• _What is needed_
Your copy of the entries must be exact, and it must not include the pictures.

Items from a dataset:
============

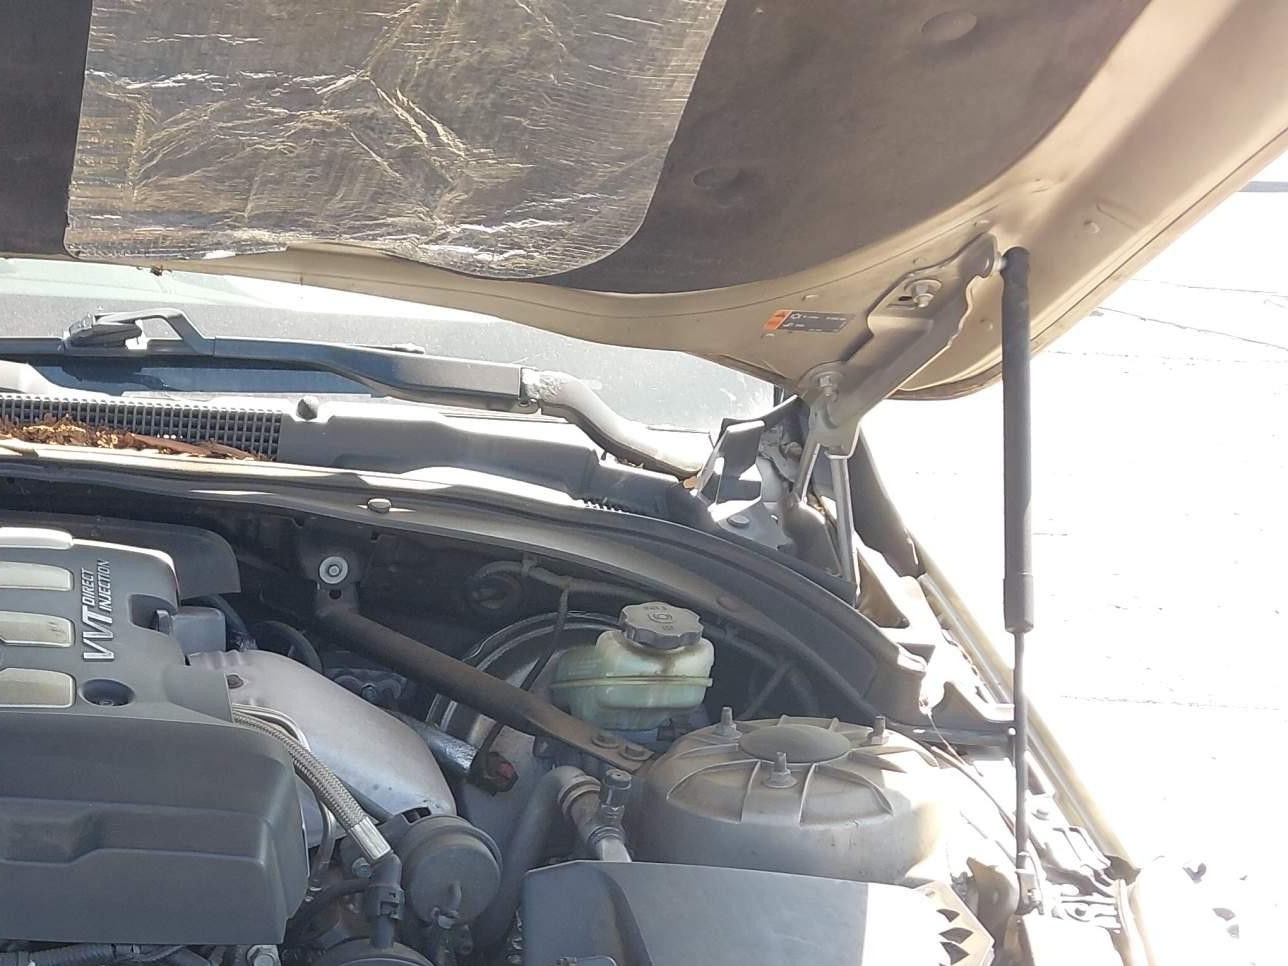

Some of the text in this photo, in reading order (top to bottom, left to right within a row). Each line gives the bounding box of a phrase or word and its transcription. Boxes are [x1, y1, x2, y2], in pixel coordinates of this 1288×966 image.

[81, 567, 95, 606] DIRECT
[97, 559, 112, 612] INJECTION
[83, 605, 114, 659] VVT
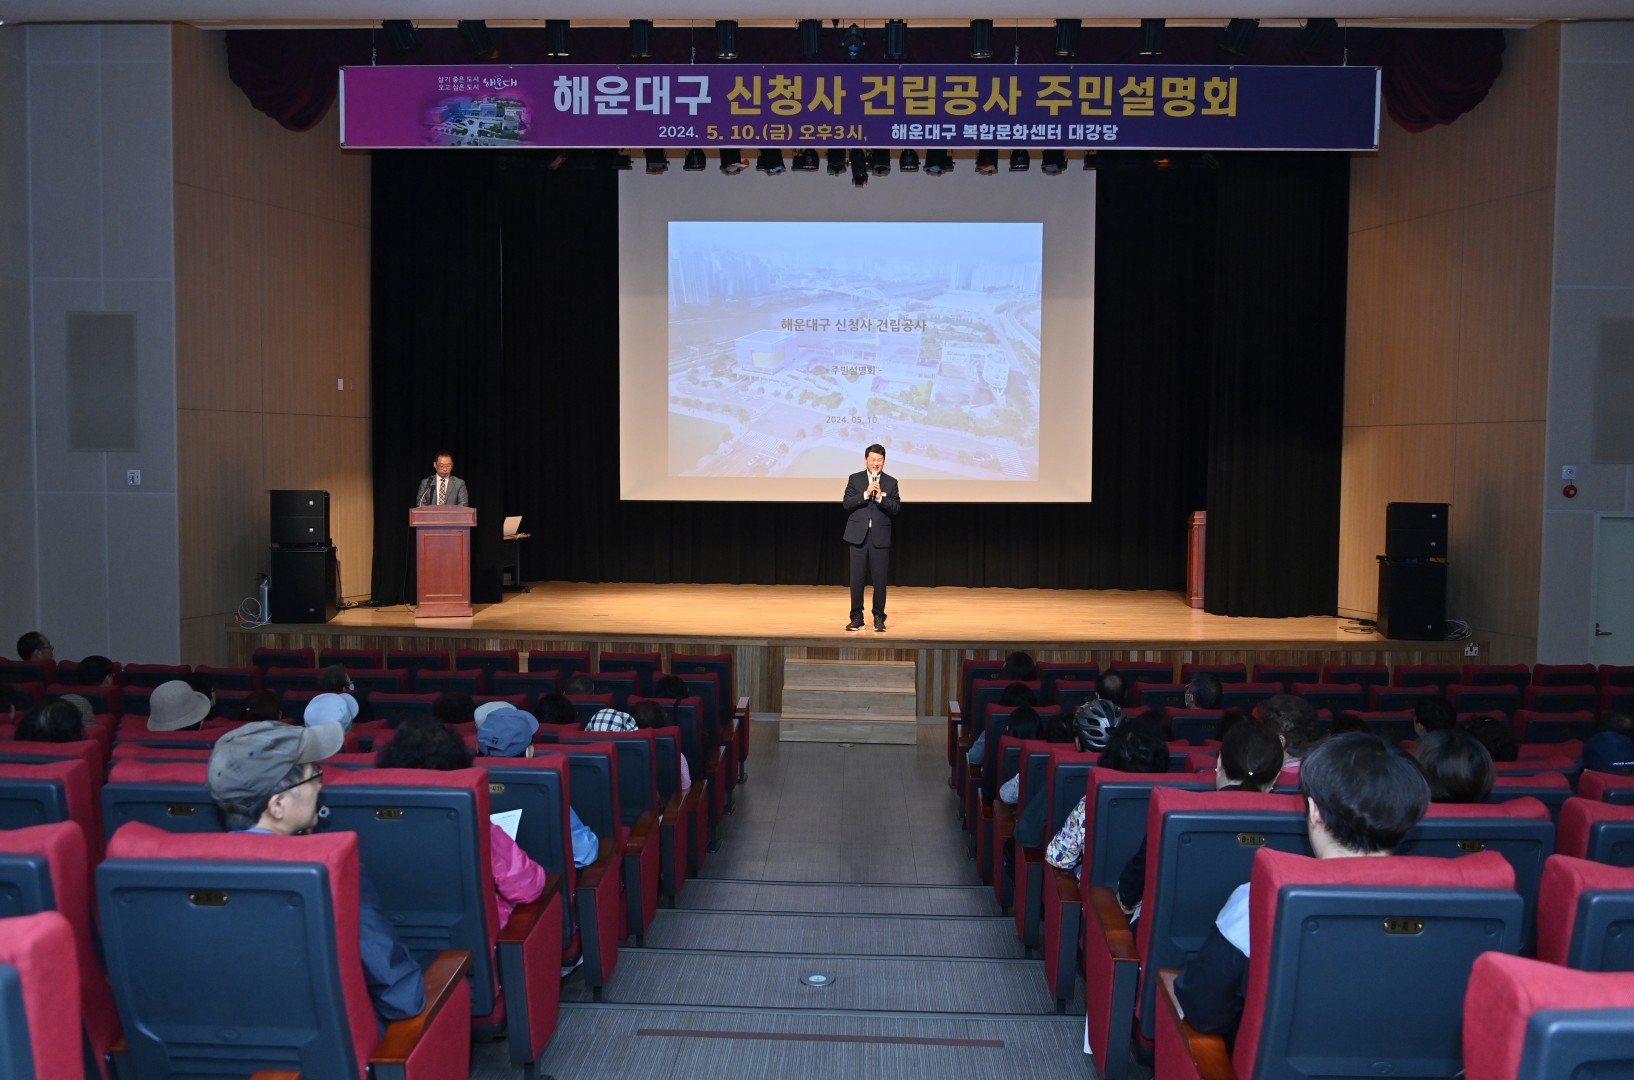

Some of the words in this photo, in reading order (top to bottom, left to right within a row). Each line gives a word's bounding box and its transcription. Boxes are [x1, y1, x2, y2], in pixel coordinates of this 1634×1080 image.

============

• _Reply_
Some of the text in this photo, in reading order (top to bottom, left to right within a row). Each line gives the bounding box of a phrase or word and its transcription. Boxes are [x1, y1, x2, y2], in pixel coordinates of this 1288×966 image.

[81, 567, 95, 606] DIRECT
[97, 559, 112, 612] INJECTION
[83, 605, 114, 659] VVT

Some of the words in this photo, in reading order (top to bottom, left to right within a row). Each line gives a word's bounding box and its transcription. Boxes are [x1, y1, x2, y2], in pixel coordinates of this 1634×1080 image.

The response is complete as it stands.